Matando as saudades do velho editor gráfico

Quem usou (e abusou) do MSX e viveu a segunda era de ouro dos microcomputadores de 8 bits, lá pelo final dos anos 80, com quase toda certeza conheceu um pequeno programa para edição gráfica, chamado Graphos III.

Concebido para ser um editor gráfico especializado em imagens e figuras para jogos, desde a sua primeira versão para TRS 80 o Graphos foi se aperfeiçoando como um complemento ao Editor de Adventures (que também teve versões para todos os micros importantes).

TRS80
MSX
PC CGA

Mas a versão para MSX foi muito além disso e tornou-se uma espécie de padrão nacional para programas desta categoria. Difícil encontrar um usuário de MSX que não tenha conhecido o velho Graphos, tanto na versão inicial quanto nas versões mais elaboradas, chamadas de PRO.

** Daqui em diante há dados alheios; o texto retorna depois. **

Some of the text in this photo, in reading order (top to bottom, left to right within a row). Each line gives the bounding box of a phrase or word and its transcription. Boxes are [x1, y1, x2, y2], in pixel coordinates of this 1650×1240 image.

Do MSX o programa passou para o PC, como seria natural dada a popularização desta linha de equipamentos, já no final dos anos 80. A primeira versão, ainda para placas CGA, foi integralmente publicado na revista Micro Sistemas, em dez edições.

Ele foi o primeiro e único software nacional, escrito totalmente em linguagem assembler do PC, que teve este tipo de divulgação. Não apenas serviu como uma ferramenta de criação artística, mas também representou um papel importante no aprendizado desta poderosa linguagem de programação. Muitos programadores aprenderam os mistérios do assembler e do PC simplesmente montando as rotinas e funções gráficos do programa.

PC VGA
PC superVGA

Vieram depois, no início dos anos 90, mais duas versões: a primeira dedicada aos PCs com placas VGA, rodando na resolução de 640 x 350 x 16 cores, que teve também um upgrade para controle total por mouse.

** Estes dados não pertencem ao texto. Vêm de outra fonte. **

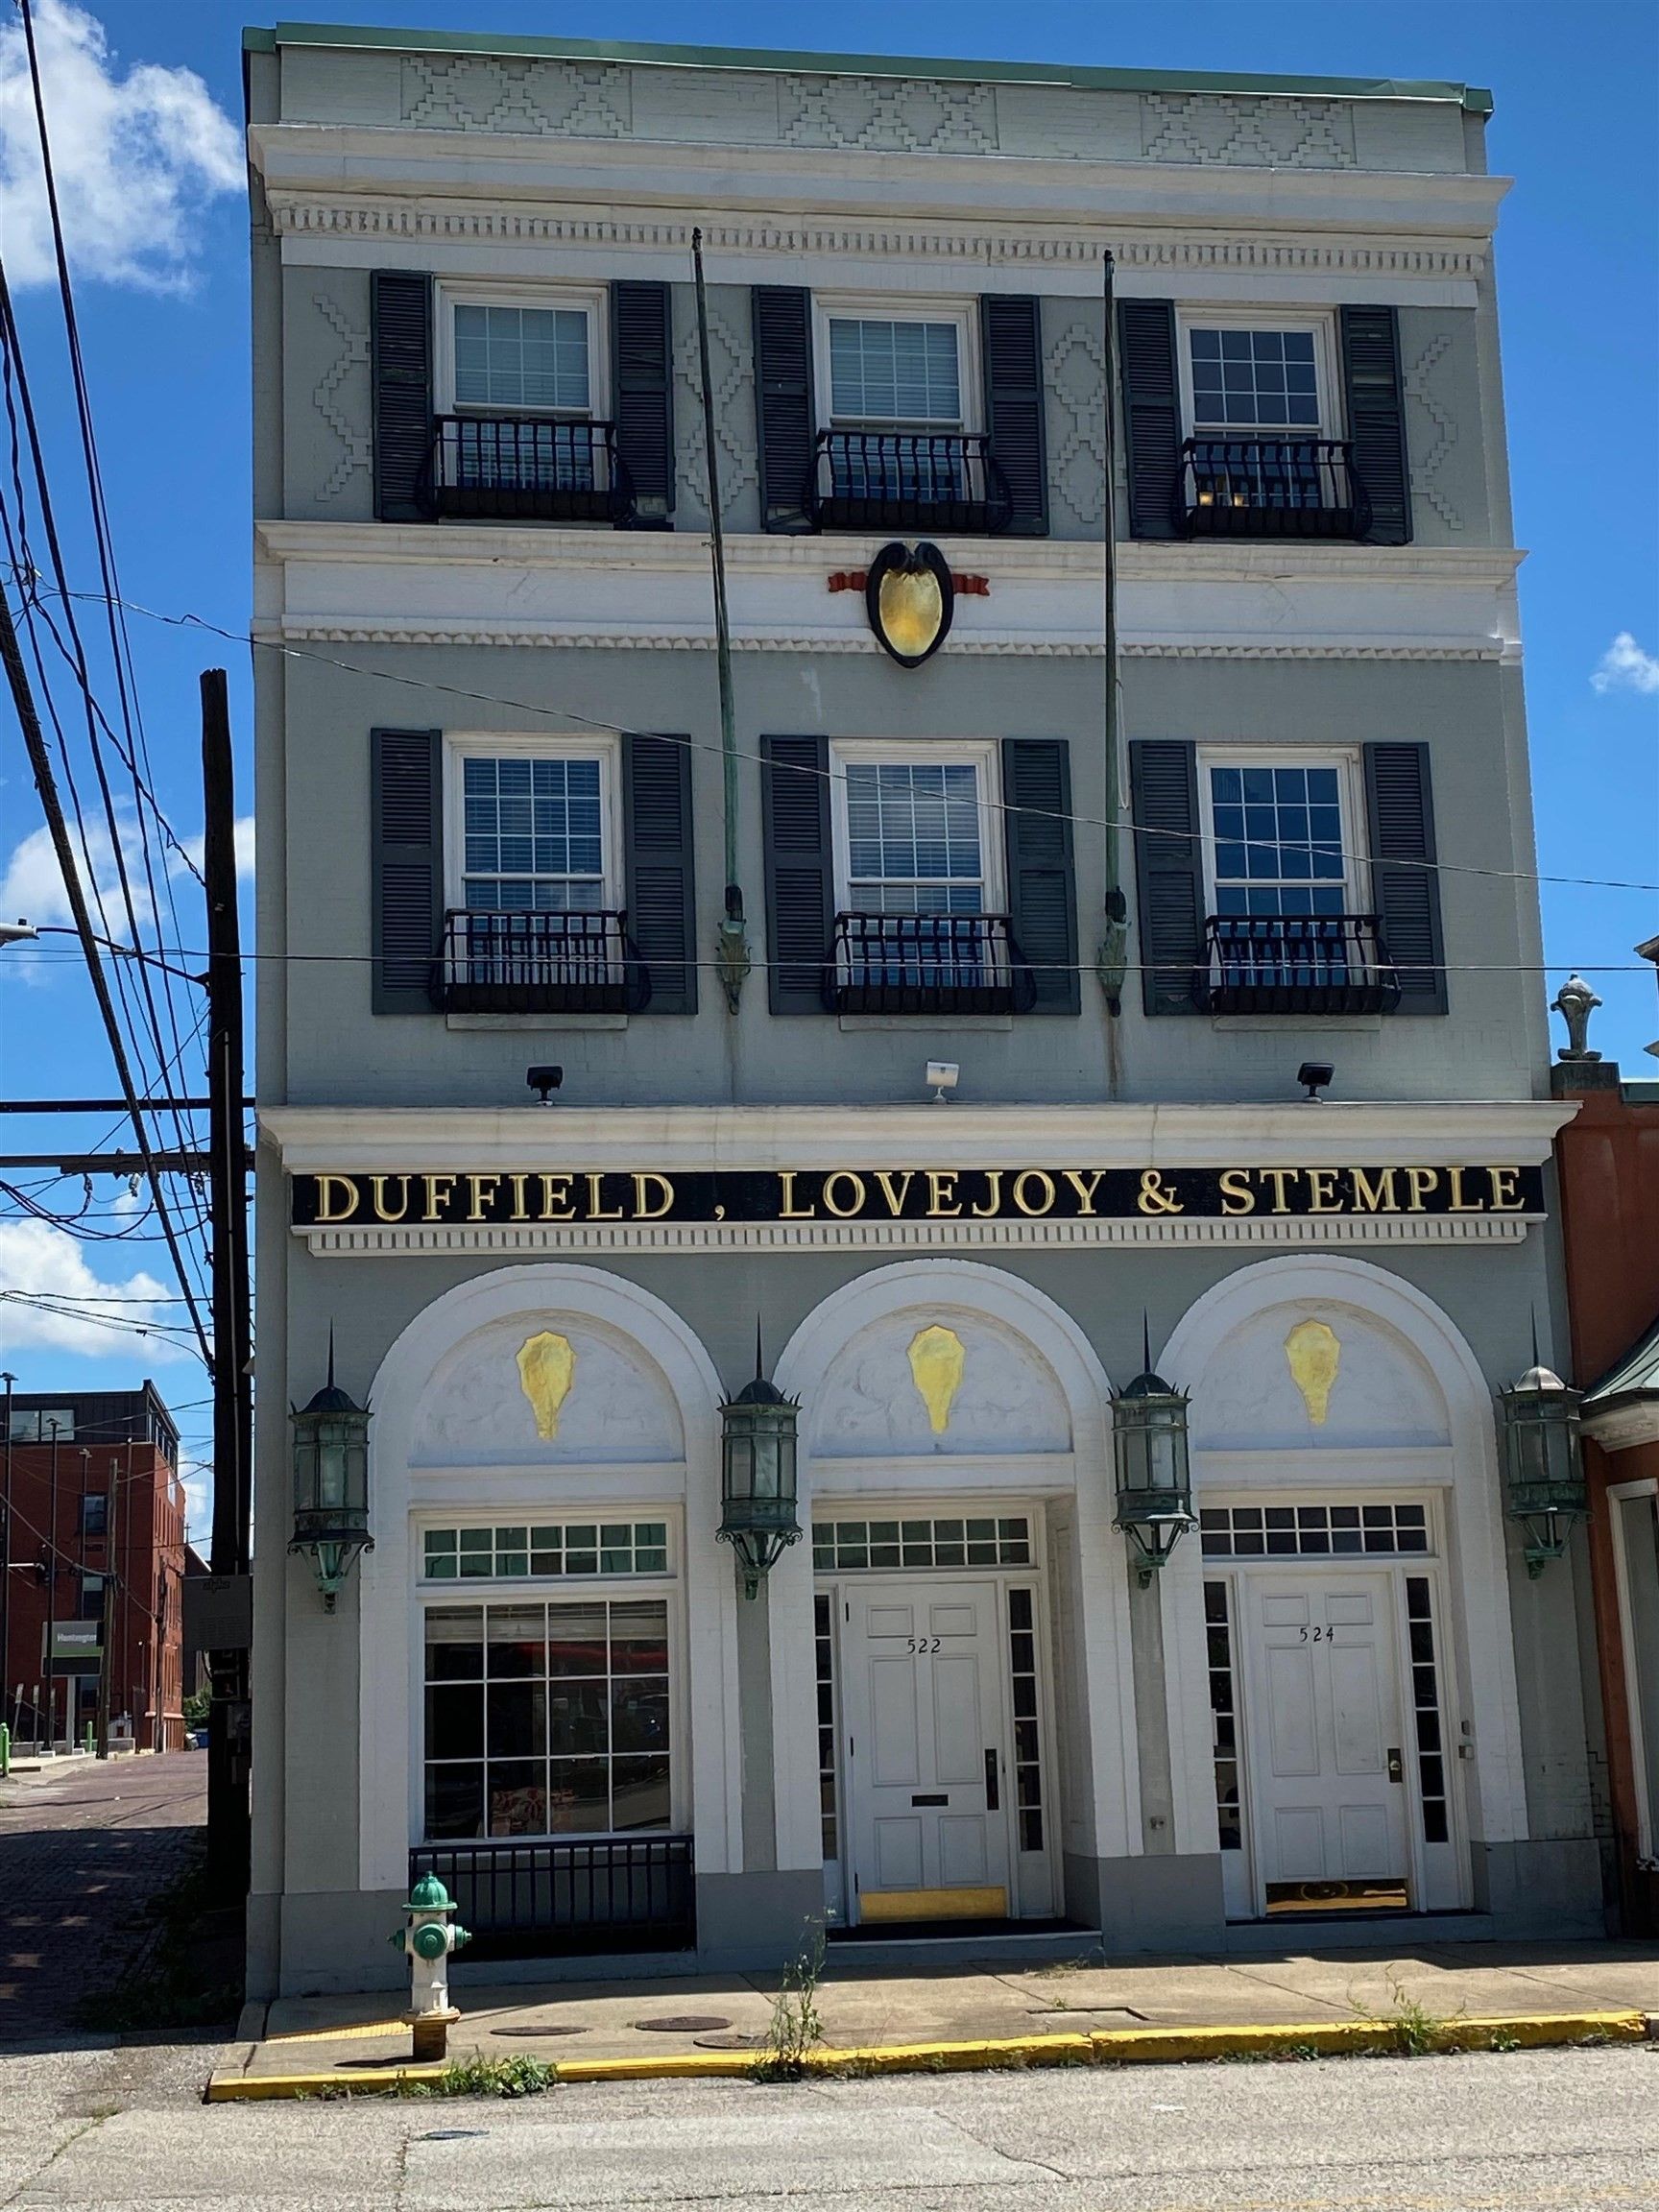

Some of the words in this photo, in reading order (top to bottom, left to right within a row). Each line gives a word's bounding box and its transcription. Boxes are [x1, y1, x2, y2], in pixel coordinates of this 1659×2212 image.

[314, 1173, 675, 1221] DUFFIELD
[778, 1169, 1106, 1217] LOVEJOY
[1137, 1170, 1184, 1214] &
[1219, 1166, 1526, 1214] STEMPLE
[1299, 1626, 1334, 1643] 524
[907, 1638, 941, 1654] 522

A segunda e última versão, que chegou a circular como produto acabado, foi direcionada aos micros PCs com placas SuperVGA e resolução de 640 x 480 x 256 cores. Foi com essas versões para PC que foram criadas e editadas as imagens do jogo Amazônia.

Aqui na TILT estamos disponibilizando a versão 6.1, para placas SuperVGA. Mas atenção para um detalhe: esta versão opera em padrão VESA de acesso direto ao vídeo. Alguns micros mais modernos não obedecem totalmente às diretrizes do comitê VESA e o programa pode não apresentar as imagens adequadamente.

Se este não for o seu caso e se você é um egresso dos tempos do MSX, então vai ter uma bela surpresa. Tudo estará funcionando como nos velhos e bons tempos. Será uma excelente oportunidade para ver como um software genuinamente nacional evoluiu junto com as máquinas. Lembro apenas que esta versão é de 1993, quando coisas como multimídia, Hi-Color e True Color ainda eram recursos inatingíveis para os brasileiros.

No club TILT estamos disponibilizando também todas as versões do PC, inclusive com os fontes em assembler, e as versões do MSX, para rodar em emuladores e matar as saudades.